Races typically got the green flag at 10 a.m., allowing fans a break from the July heat, and giving race teams an opportunity to do their work at the track and get in some beach time in the afternoon before heading home. (Fans also were able to flock to the beaches after the race.)
In 1988 the race moved to the Saturday of the Fourth of July weekend and ran on that day until this year, with the lone exception being in 1998, when wildfires in central Florida forced the race to be moved to October.
The summertime Daytona races have been good for the Wood Brothers team, which has five wins in the premier Daytona 500. The Woods have eight victories in July at Daytona, with the legendary David Pearson accounting for half of them.
Pearson swept the summer races at Daytona from 1972-74 and won again in 1978, with Neil Bonnett following up with another victory in 1979.
Buddy Baker won in 1983, and that ended up being the 19th and final Cup victory for the NASCAR Hall of Fame driver.
Leonard Wood, the long-time crew chief for the No. 21, said he was cool with the hot Daytona temperatures.
“I never minded the heat,” he said. “The drive down there wasn’t bad because I was looking forward to the race and enjoyed it so much.”
Wood said that he and fellow NASCAR Hall of Famer Dale Inman, the veteran crew chief for Richard Petty, carried on a friendly rivalry about their Daytona successes.
“Dale used to like to tell me about him being a seven-time Daytona 500 winner, but I’d tell him, ‘Yeah, but you don’t have any in July.’
“Of course they finally won one.”
Wood’s cars often were dominant in the July heat.
“In 1968, Cale Yarborough was driving our car, and we were sitting third when it rained,” Wood said. “I said I’d be happy if they called it right there, but Cale disagreed.
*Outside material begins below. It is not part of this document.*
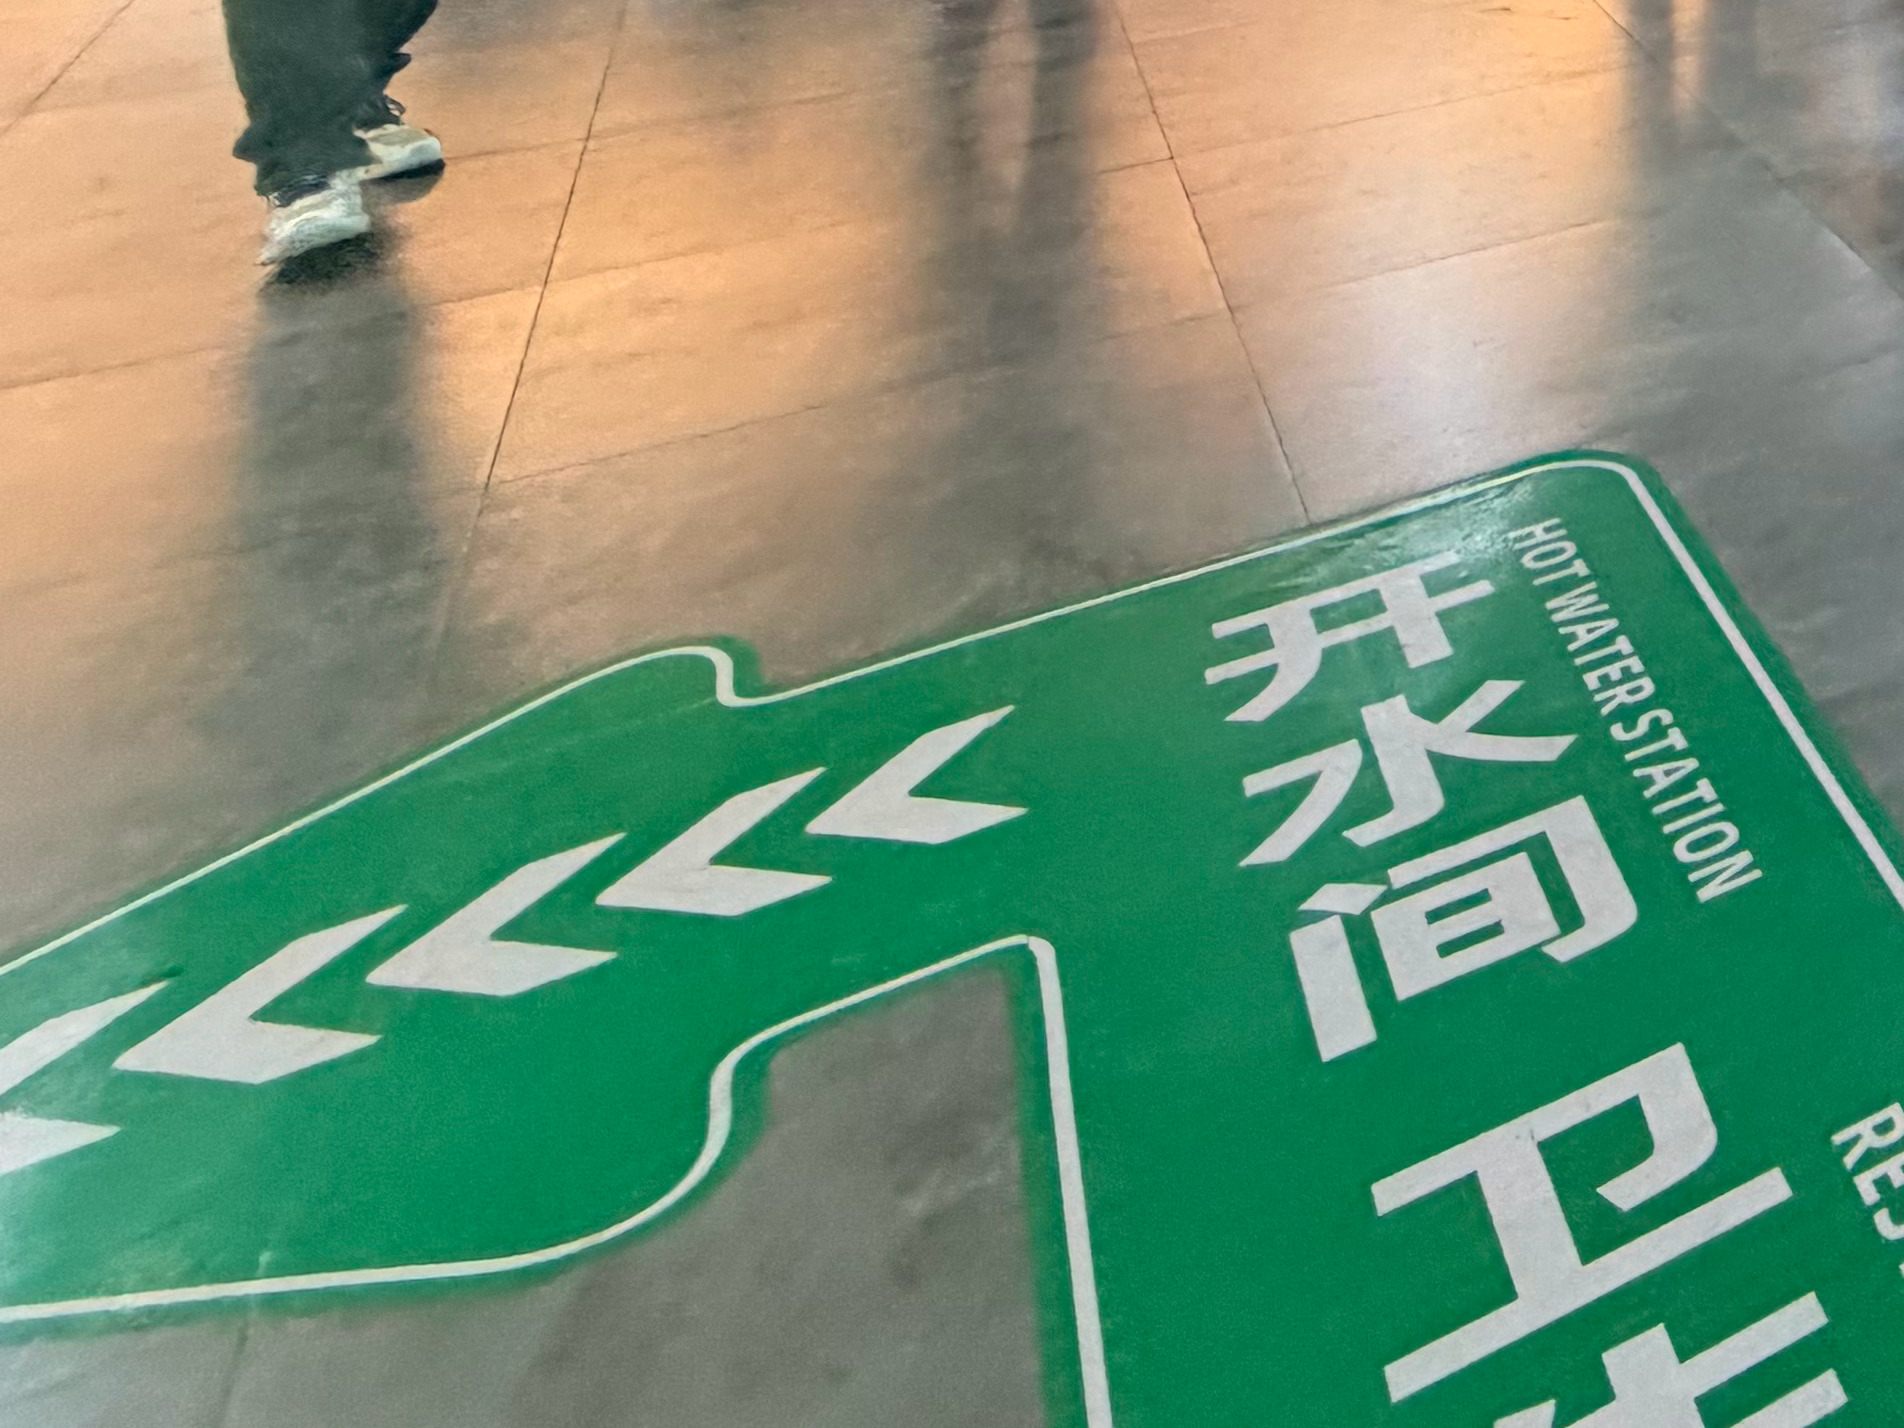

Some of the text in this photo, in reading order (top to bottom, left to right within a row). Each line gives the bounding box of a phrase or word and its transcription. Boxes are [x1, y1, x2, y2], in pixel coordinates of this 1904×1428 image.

[1203, 549, 1639, 1064] 开水间
[1507, 517, 1763, 904] HOT WATER STATION
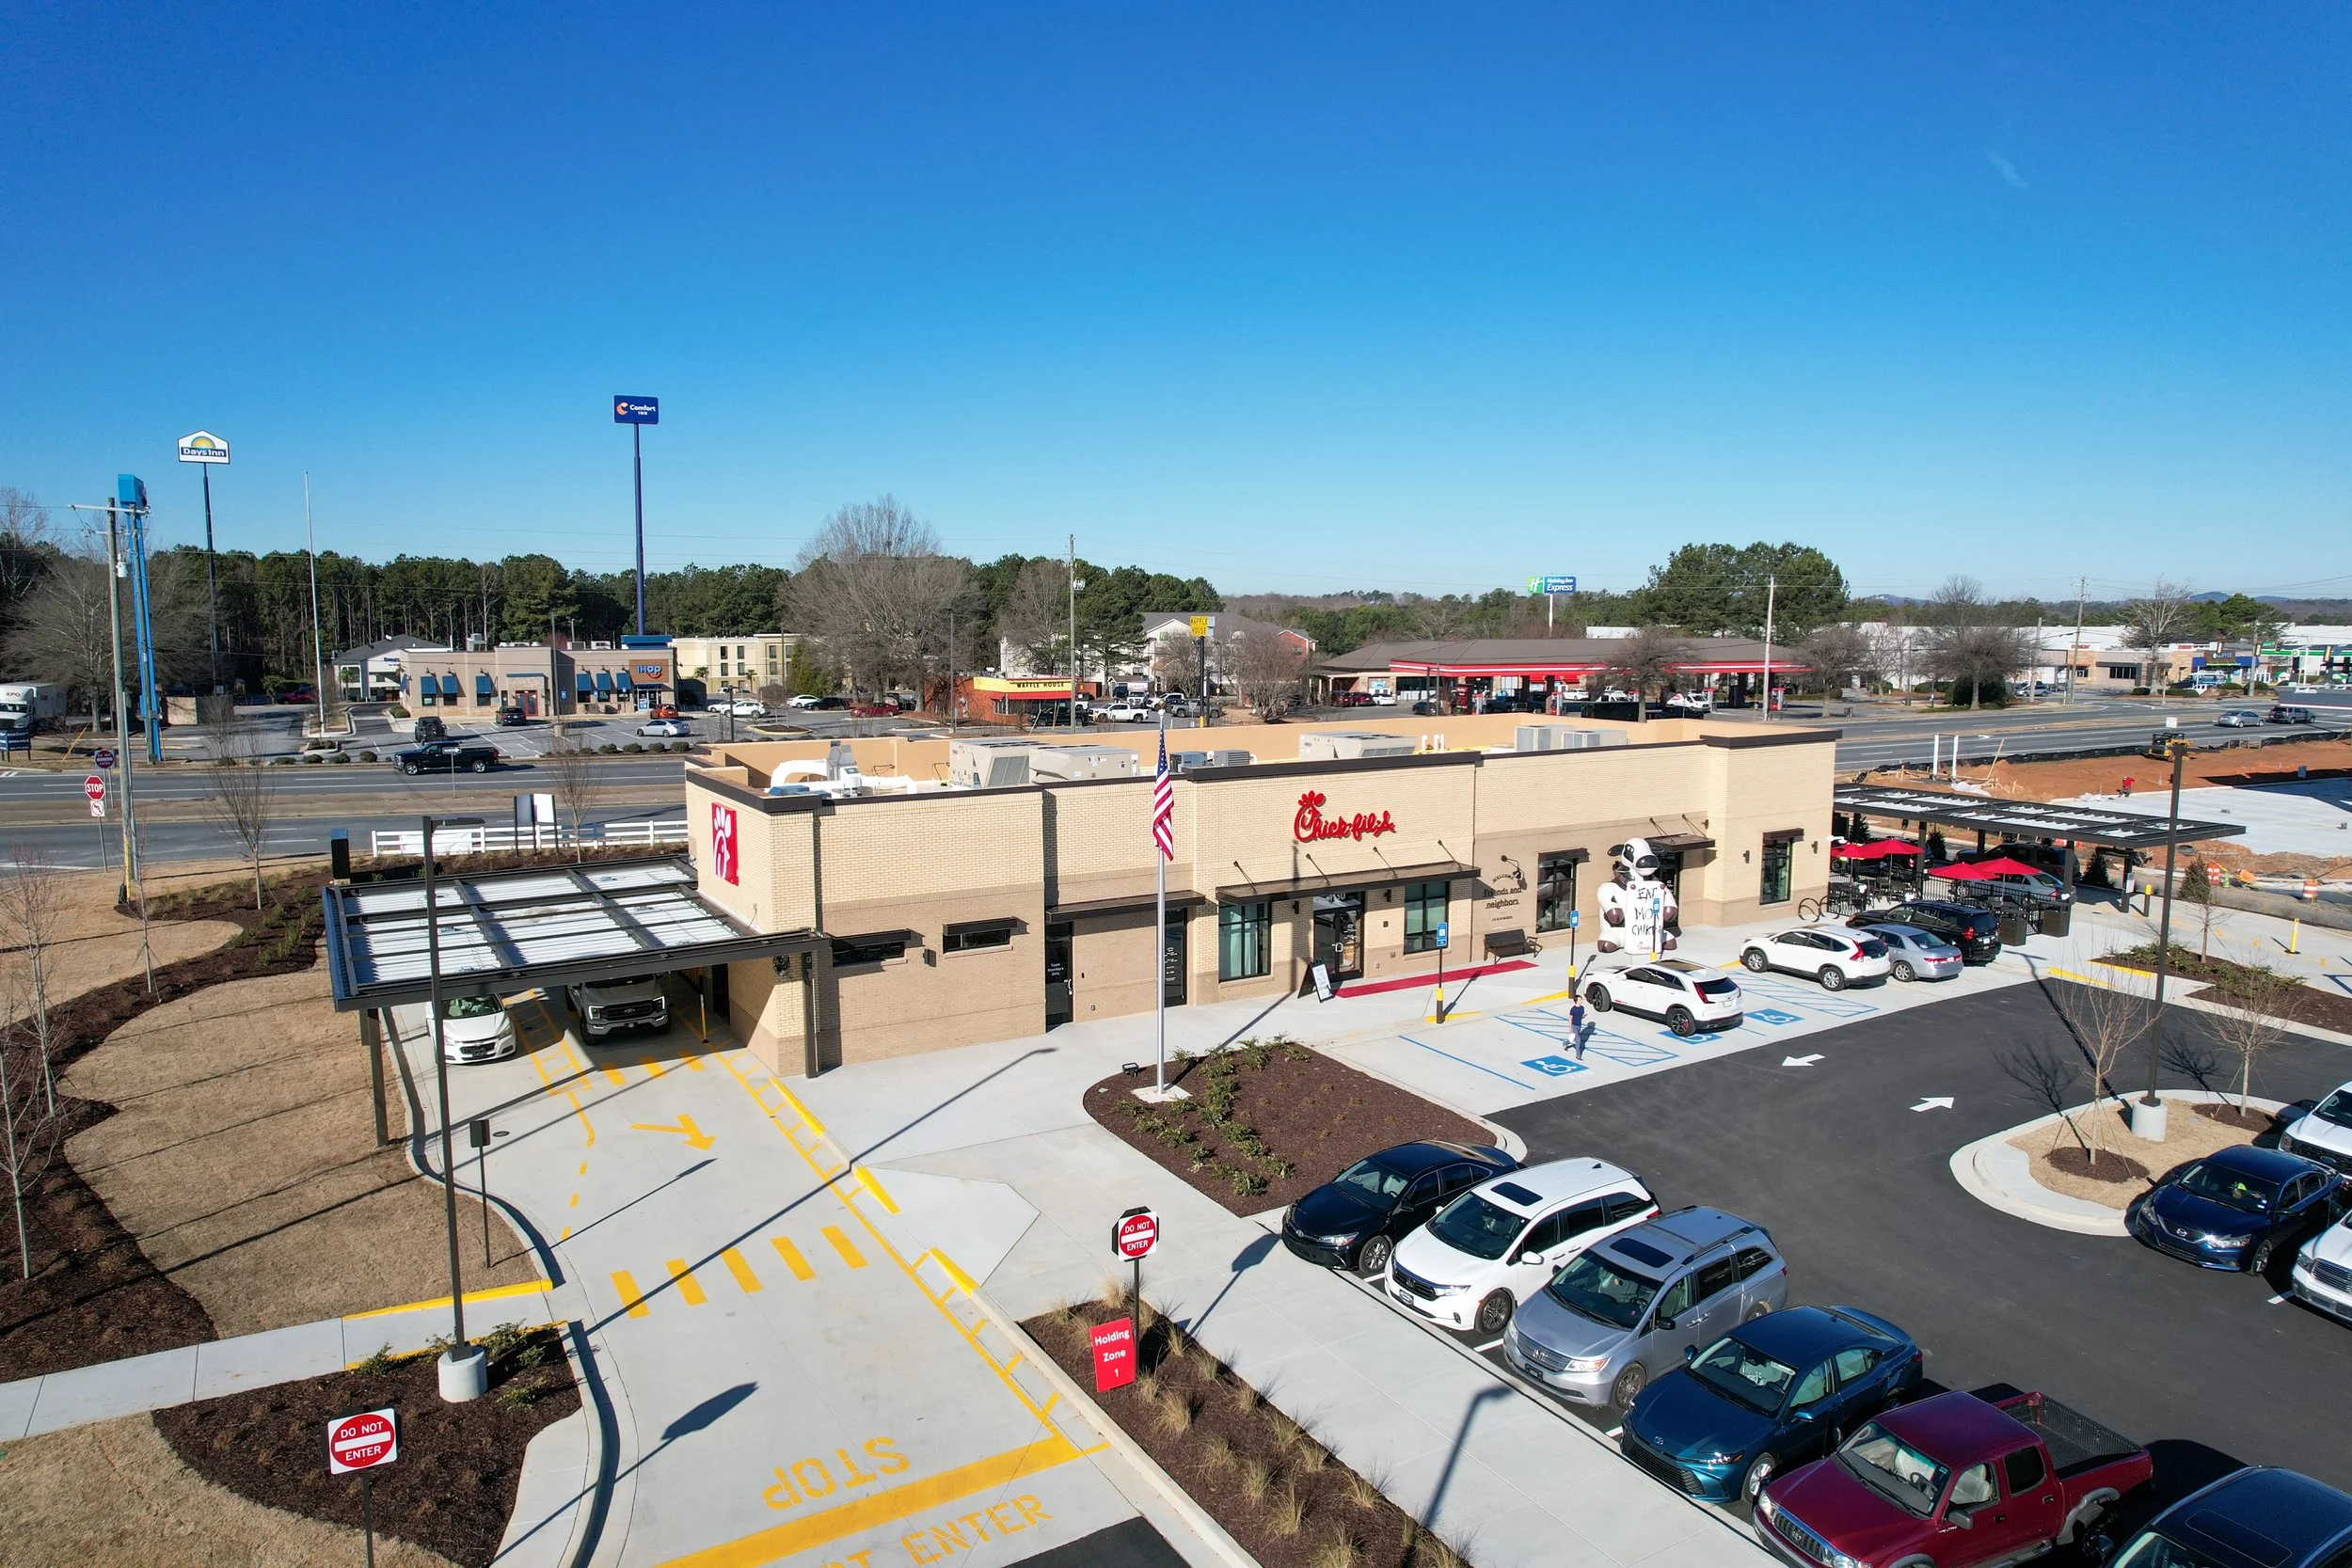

He said there were two more spots to get, and when they restarted the race he went on to win.”
Yarborough repeated the next year. “He ran away with, and set a new race record of over 167 miles per hour,” Wood said.
Even though Wood can take the heat without breaking out in a big sweat, there were times at Daytona that the heat got to him.
“After we won the race, I had to tear down the engine,” he said. “And standing over that hot engine, sweat was running off my nose.”
But it was all worth it.
“I loved to win the race and then go over to the beach,” he said.
Qualifying for the Coke Zero Sugar 400 is set for Friday at 5:05 p.m., and the race is scheduled to start just after 7:30 p.m. on Saturday with TV coverage on NBC.